In 2020, we have all experienced a year like no other. The COVID-19 pandemic, as well as multiple climate, social and political disruptions, resulted in a tremendous acceleration of many existing trends and the emergence of some new ones. So, what does next year look like from this vantage point? Let’s look at some macro trends first:
- With the imminent COVID-19 vaccine distribution to the general public, it is likely that the lockdowns will stop, stability will return, and the economy will start to recover. We will begin seeing more jobs and spending from both businesses and consumers.
- At the same time, it is clear that this year has made a long-term mark on trends such as remote working, virtual events and other types of virtual collaboration, which are expected to continue and evolve.
- Another long-term trend is, of course, the anticipated impact of the new US president over the next 4 years. In general, we can expect focus on the COVID-19 pandemic response and the economic stimulus in the short term, as well as climate change, expansion of Obamacare and the return to foreign alliances in the long term.
As we enter 2021, the world at large and communications professionals in particular find themselves at a significant turning point. What will be our “new normal”?

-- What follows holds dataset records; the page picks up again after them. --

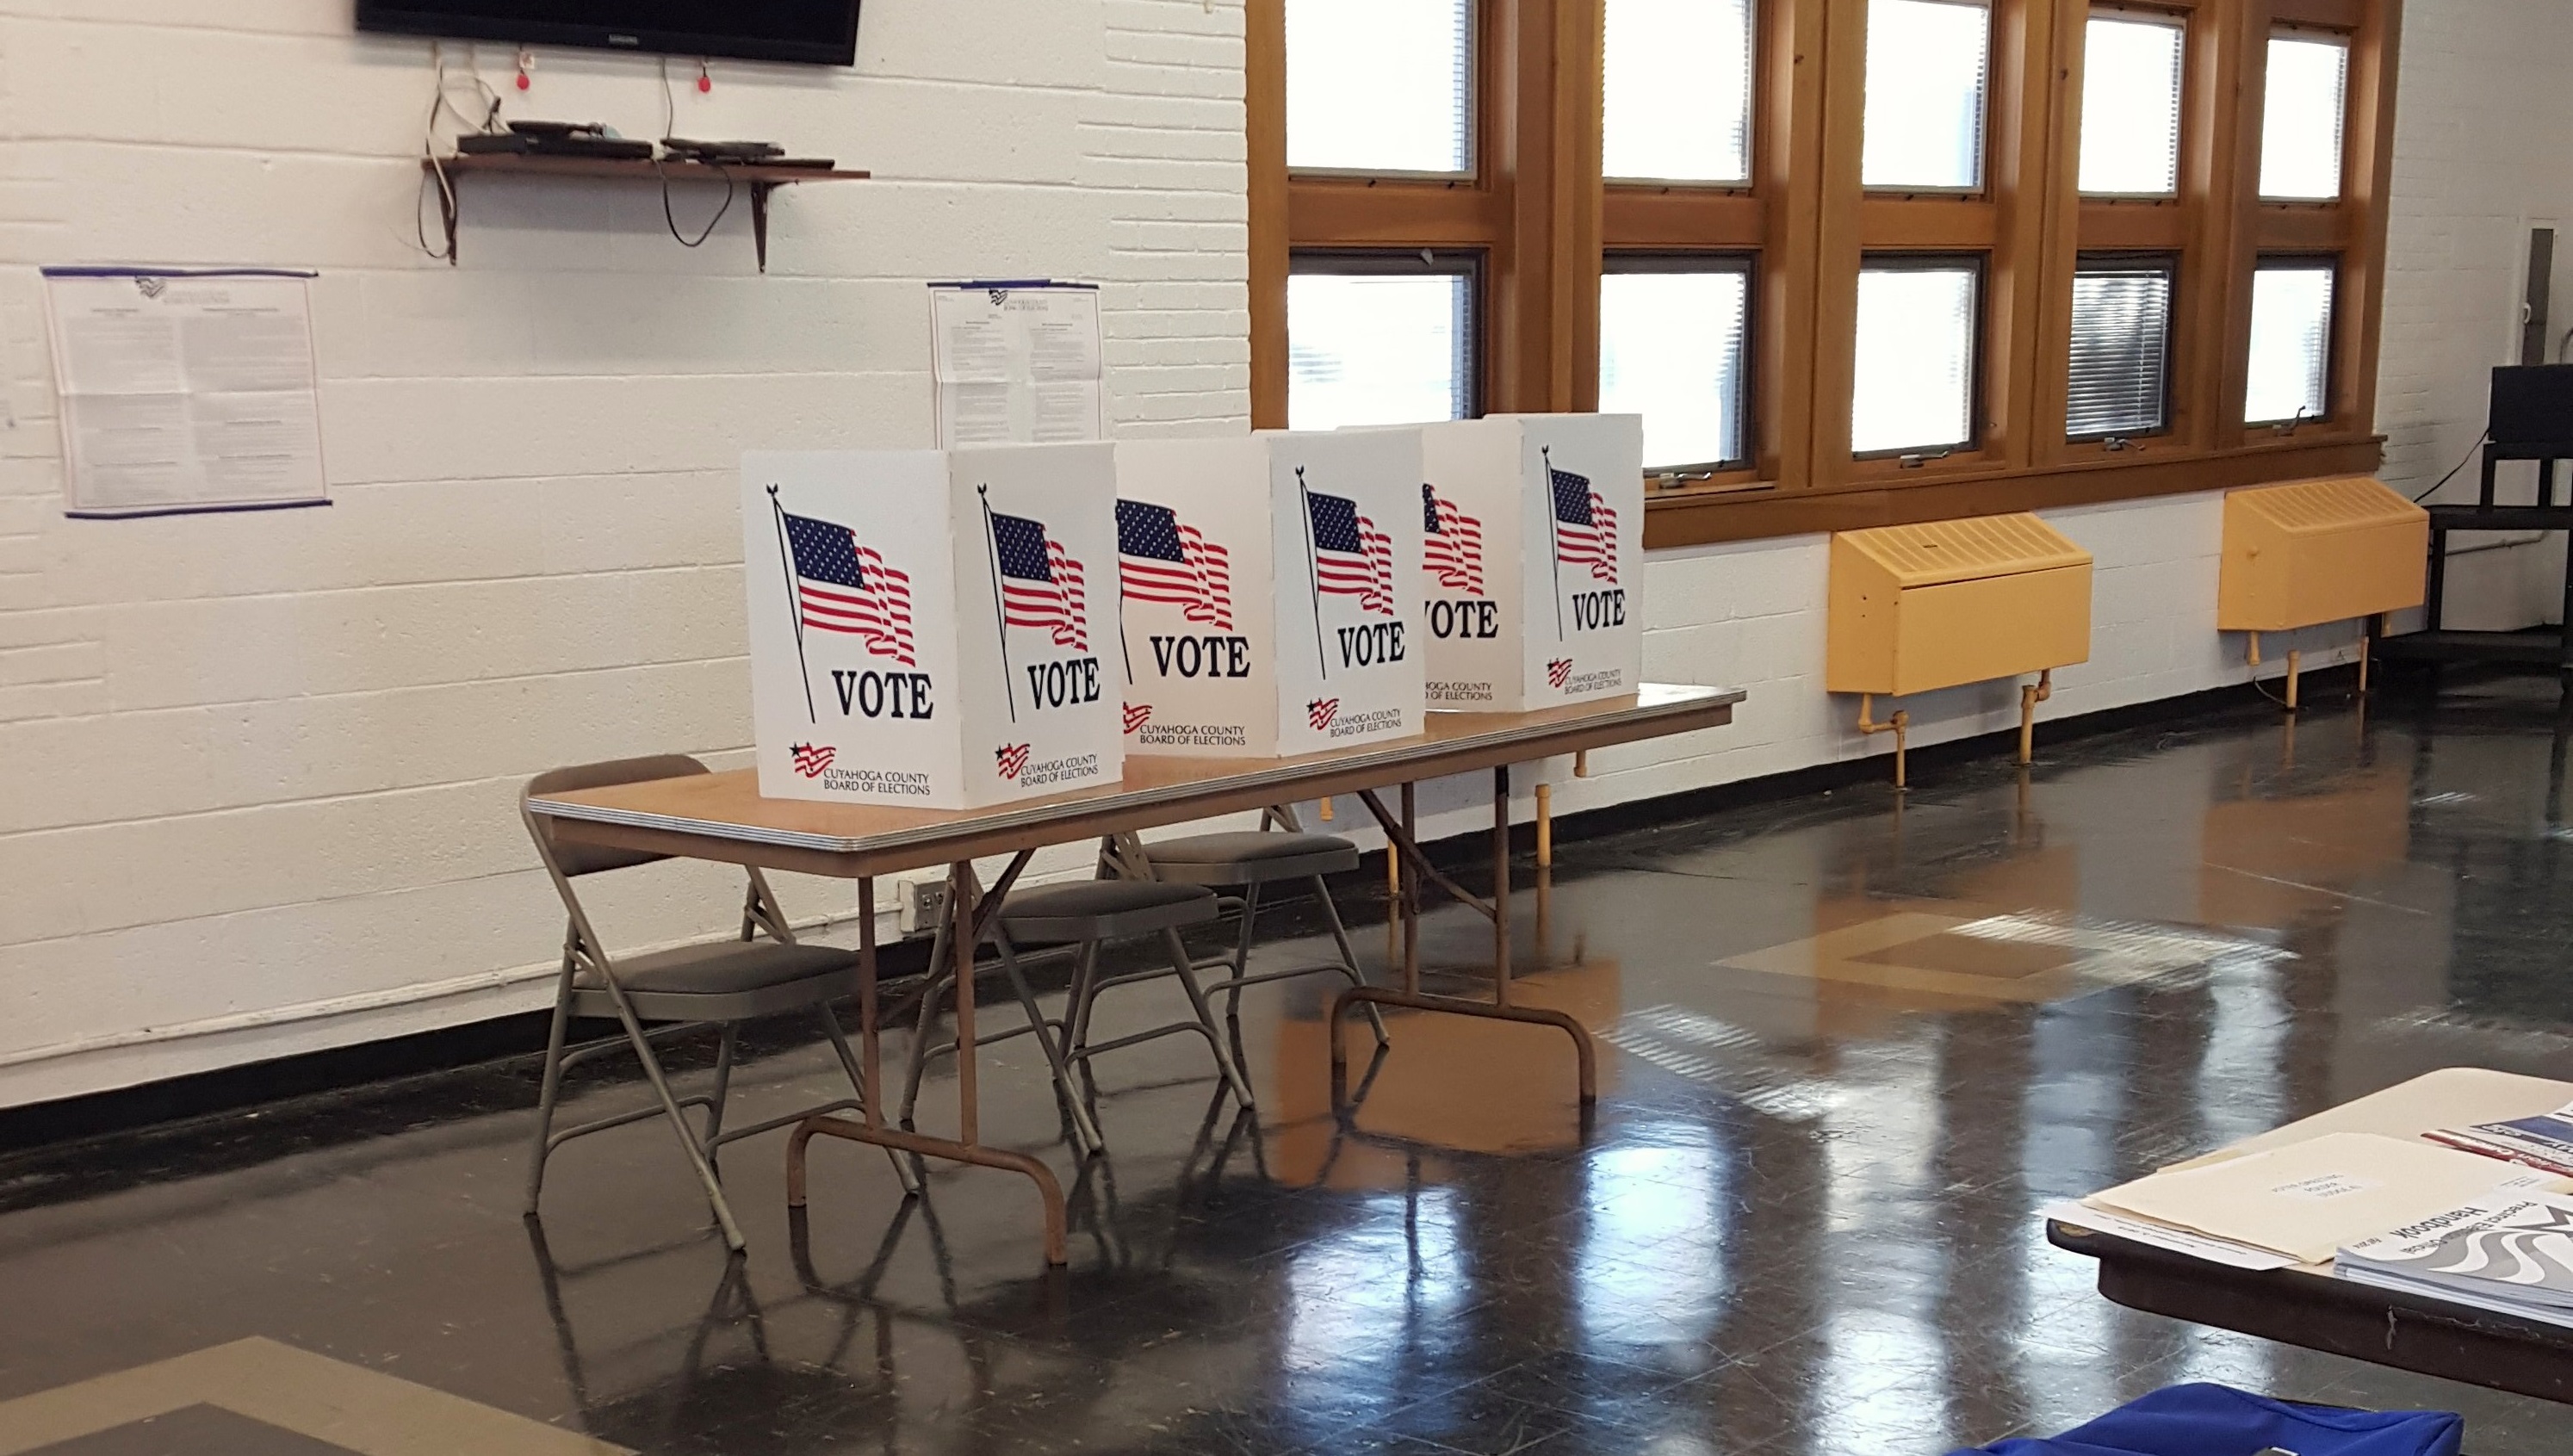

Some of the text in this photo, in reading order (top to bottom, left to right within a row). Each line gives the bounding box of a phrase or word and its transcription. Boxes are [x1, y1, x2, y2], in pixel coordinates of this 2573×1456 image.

[1425, 599, 1498, 639] OTE
[1572, 588, 1626, 631] VOTE
[1150, 635, 1250, 678] VOTE
[1337, 621, 1405, 669] VOTE
[832, 670, 934, 720] VOTE
[1027, 657, 1100, 710] VOTE
[1452, 682, 1492, 691] COUNTY
[1430, 691, 1442, 700] OF
[1445, 691, 1493, 701] ELECTIONS
[1139, 724, 1245, 736] CUYAHOGA COUNTY
[1330, 709, 1401, 728] CUYAHOGA COUNTY
[1330, 718, 1402, 738] BOARD OF ELECTIONS
[1140, 734, 1246, 747] BOARD OF ELECTIONS
[823, 768, 930, 784] CUYAHOGA COUNTY
[1020, 753, 1098, 777] CUYAHOGA COUNTY
[1020, 765, 1099, 788] BOARD OF ELECTIONS
[824, 779, 931, 796] BOARD OF ELECTIONS
[2389, 1206, 2489, 1240] Handbook

Here are Onclusive’s predictions for what to expect in 2021:
Corporate reputation as a key success metric
During this era of disruption and uncertainty, corporate values and brand activism have become more important than ever. PR will be expected to shift the focus toward value-based communications, including the prevalent topic of health and safety, and corporate reputation will start taking center stage as a key success metric.
Increased focus on internal communications
As companies transition to the “new normal,” remote work is here to stay and everything we do will become increasingly digital. Keeping this remote workforce engaged is a new challenge, which will require unprecedented involvement by corporate communications. Flexibility, clear communications and DEI (Diversity, Equity, and Inclusion) initiatives will become mission-critical.
Livestream gone mainstream
2020 proved that virtual events can result in online connection and collaboration that is just as effective as it’s traditionally been in person. As companies continue to capitalize on the power of livestream, there will be a lot of room for creativity and innovation around employee and customer communications, including hybrid events and programs for both virtual and physical participants.
Fusion of PR and content marketing
Content marketing is a proven way to break through the noise, as long as the content is highly visible. That’s why content marketing needs PR. While it will continue to grow as a high-leverage tool for both PR and marketing teams, who is in charge of content marketing will remain up for grabs at many companies. One thing is clear: PR and content marketing together are a powerful duo, allowing brands to put the right stories into the hands of the right journalists, influencers and bloggers.
New level of data-driven communications
Until the economy starts showing signs of lasting recovery, we will continue to experience restricted budgets from businesses and value spending from consumers. Ensuring that a brand remains relevant while achieving its business goals will necessitate a new level of data-driven communications. PR measurement that identifies the most impactful content and optimizes content quality will grow in importance, and more advanced analytics tools will help determine strategic investment decisions. A new metric, share of search, will build momentum as a way of measuring PR effectiveness and tying PR to market share.
Emphasis on message resonance
Marketing and communications teams will focus more on messaging resonance with the public and press for both their brand and competitors. Using data to evaluate which messages worked and didn’t work before spokesperson media training will become prevalent among communications pros. This specificity will help savvy PR teams to drive more awareness, interest, desired actions and market differentiation.
Growth of in-house PR
When it comes to communications, no one can understand the company culture and products more than the people actually working in it. There is also something to be said about real-time response and the ability to focus entirely on the company’s own internal needs. As better technologies make it more practical and the realities of managing communications across marketing, PR and social teams require tighter integration, companies will continue to take more PR activities in-house.